This is Mata ni Pachedi, the sacred textile painting tradition of Gujarat's Vaghari community. The name describes the function: pachedi, meaning that which is behind, and Mata, the goddess. The cloth is what stands behind the goddess. It is, in a more important sense, what allows the goddess to be present at all. For a community historically barred from mainstream Hindu temples by caste exclusion, Mata ni Pachedi is not a decorative textile that happens to carry religious imagery. It is a portable temple, and every cloth is the sanctum, the icon, and the sacred boundary of worship all at once.

The Vaghari Community and the Origin of a Sacred Textile

The Vaghari people, also known as Devipujak or worshippers of the goddess, are a community whose recorded history along the Sabarmati river in Gujarat stretches back several centuries. They were historically nomadic, later settling into agricultural work, and have been positioned at the margins of caste hierarchies in Gujarat for as long as documentary records exist.
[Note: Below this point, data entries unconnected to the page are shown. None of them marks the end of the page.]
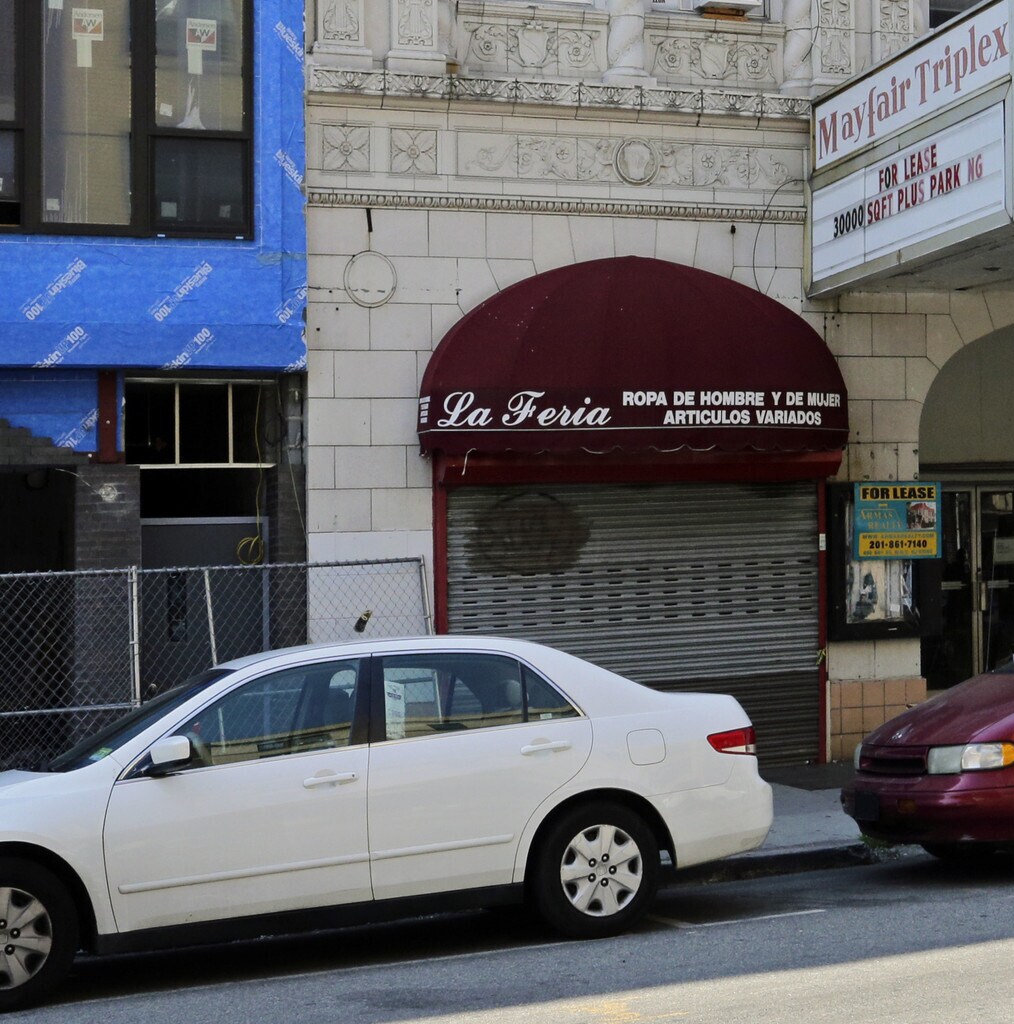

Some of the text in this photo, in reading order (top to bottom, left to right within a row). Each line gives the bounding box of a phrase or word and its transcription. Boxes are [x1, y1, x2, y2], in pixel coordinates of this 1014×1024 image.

[818, 22, 1009, 161] Mayfair Triplex
[879, 143, 938, 193] FOR LEASE
[833, 205, 864, 238] 30000
[867, 193, 893, 224] SQFT
[897, 177, 925, 212] PLUS
[437, 390, 612, 427] La Feria
[622, 391, 841, 407] ROPA DE HOMBRE Y DE MUJER
[663, 410, 822, 425] ARTICULOS VARIADOS
[862, 487, 934, 499] FOR LEASE
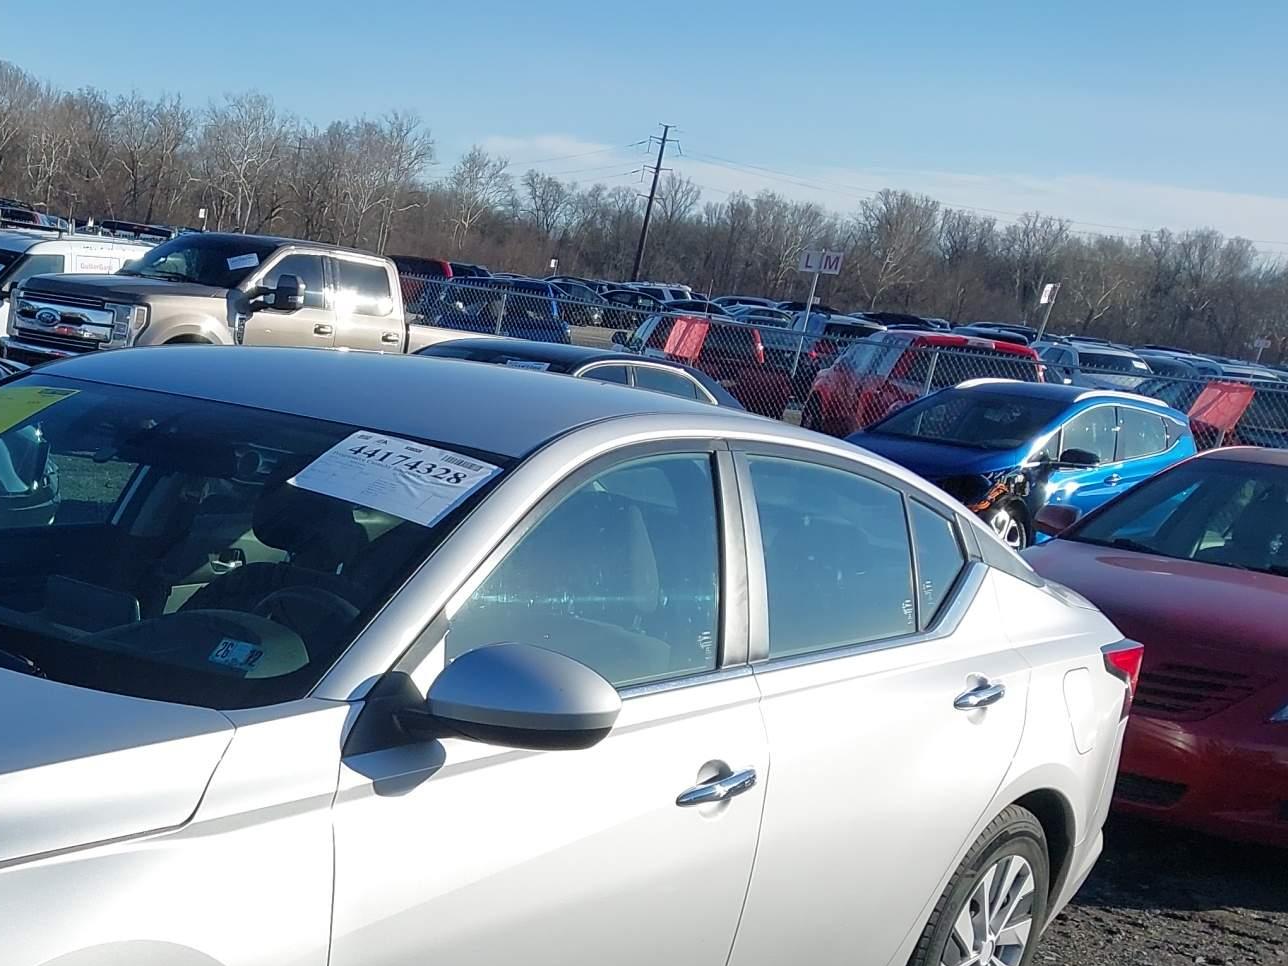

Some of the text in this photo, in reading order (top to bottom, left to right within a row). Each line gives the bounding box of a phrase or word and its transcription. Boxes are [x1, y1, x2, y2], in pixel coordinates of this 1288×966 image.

[805, 253, 813, 269] L
[824, 255, 841, 270] M
[349, 445, 467, 484] 44174328
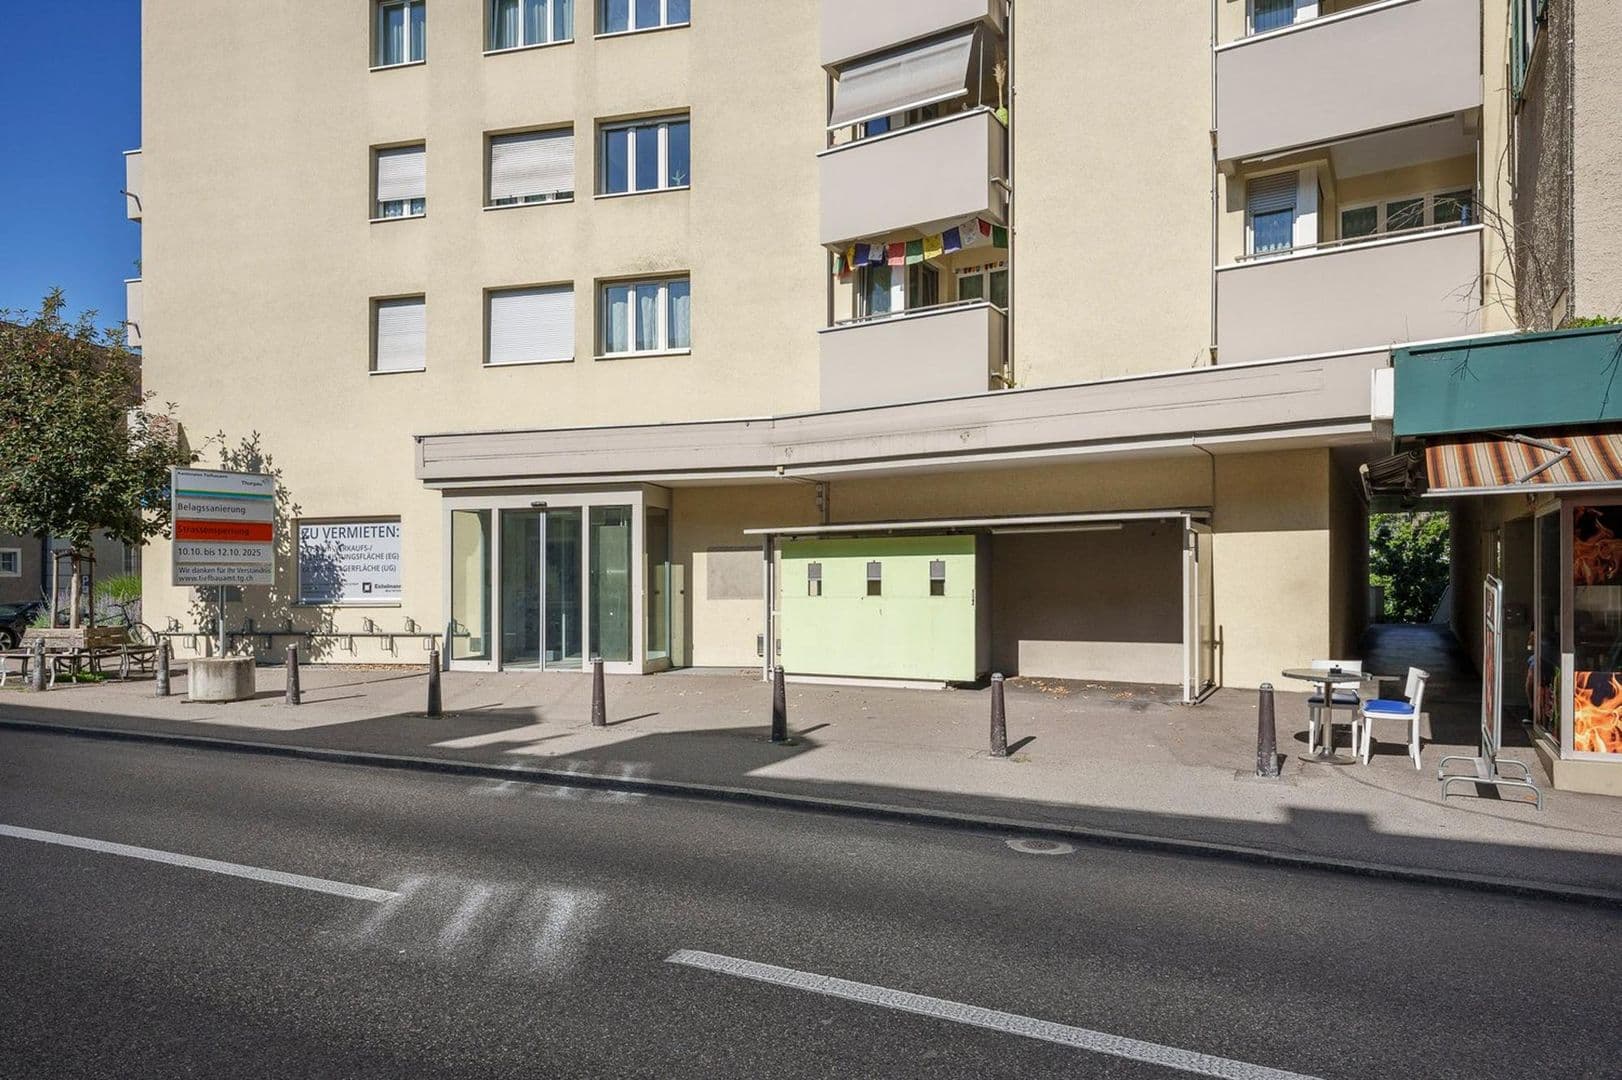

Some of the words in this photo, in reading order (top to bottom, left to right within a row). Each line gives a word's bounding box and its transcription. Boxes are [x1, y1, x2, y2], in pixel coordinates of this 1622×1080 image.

[177, 503, 246, 515] Belagssanierung
[178, 526, 249, 536] Strassensperrung
[301, 528, 319, 539] ZU
[322, 525, 400, 539] VERMIETEN:
[178, 547, 201, 557] 10.10.
[204, 547, 215, 557] bis
[218, 548, 240, 558] 12.10.
[243, 548, 262, 557] 2025
[385, 552, 400, 561] (EG)
[178, 566, 190, 574] Wir
[192, 566, 215, 574] danken
[216, 566, 226, 574] für
[237, 566, 272, 575] Verständnis
[381, 564, 397, 573] (UG)
The position was not abstract. Vaghari Vaados, the settlements where Vaghari families lived, were typically located outside village boundaries. Entry to the brick-and-mortar temples of mainstream Hindu Gujarat was, for generations, prohibited.
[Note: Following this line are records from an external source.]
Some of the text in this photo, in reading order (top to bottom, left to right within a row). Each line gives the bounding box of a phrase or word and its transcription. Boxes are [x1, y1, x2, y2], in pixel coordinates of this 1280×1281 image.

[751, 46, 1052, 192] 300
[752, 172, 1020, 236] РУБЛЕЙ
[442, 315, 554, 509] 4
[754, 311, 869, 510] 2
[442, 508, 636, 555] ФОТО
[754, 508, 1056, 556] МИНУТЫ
Faced with this exclusion, the community made its own temples. The Mata ni Pachedi tradition emerged as a direct response to caste-based denial of access to sacred space, a portable shrine the Vaghari could carry, hang, and worship at without permission from any institution outside their own community. The making of the cloth, the hanging of it, and the worship in front of it together constituted the equivalent of building, consecrating, and praying inside a temple. Every Pachedi was a temple in cotton.

400+ years the conservatively documented age of the Mata ni Pachedi tradition, with community oral histories suggesting a continuous practice stretching back 700 to 1000 years along the Sabarmati river in Gujarat.

The community's account of its origin traces the present concentration of artists to a migration roughly three centuries ago, when their ancestors moved from the village of Ashoknagar in the Chunwar area of Saurashtra to Ahmedabad following severe floods. The Chitara families settled in what is now the Vasna neighbourhood of Ahmedabad, and the tradition has continued in that geographic concentration ever since. Only twelve households across Ahmedabad continue to make Mata ni Pachedi in its full ritual form, and almost all belong to the same extended Vaghari family network.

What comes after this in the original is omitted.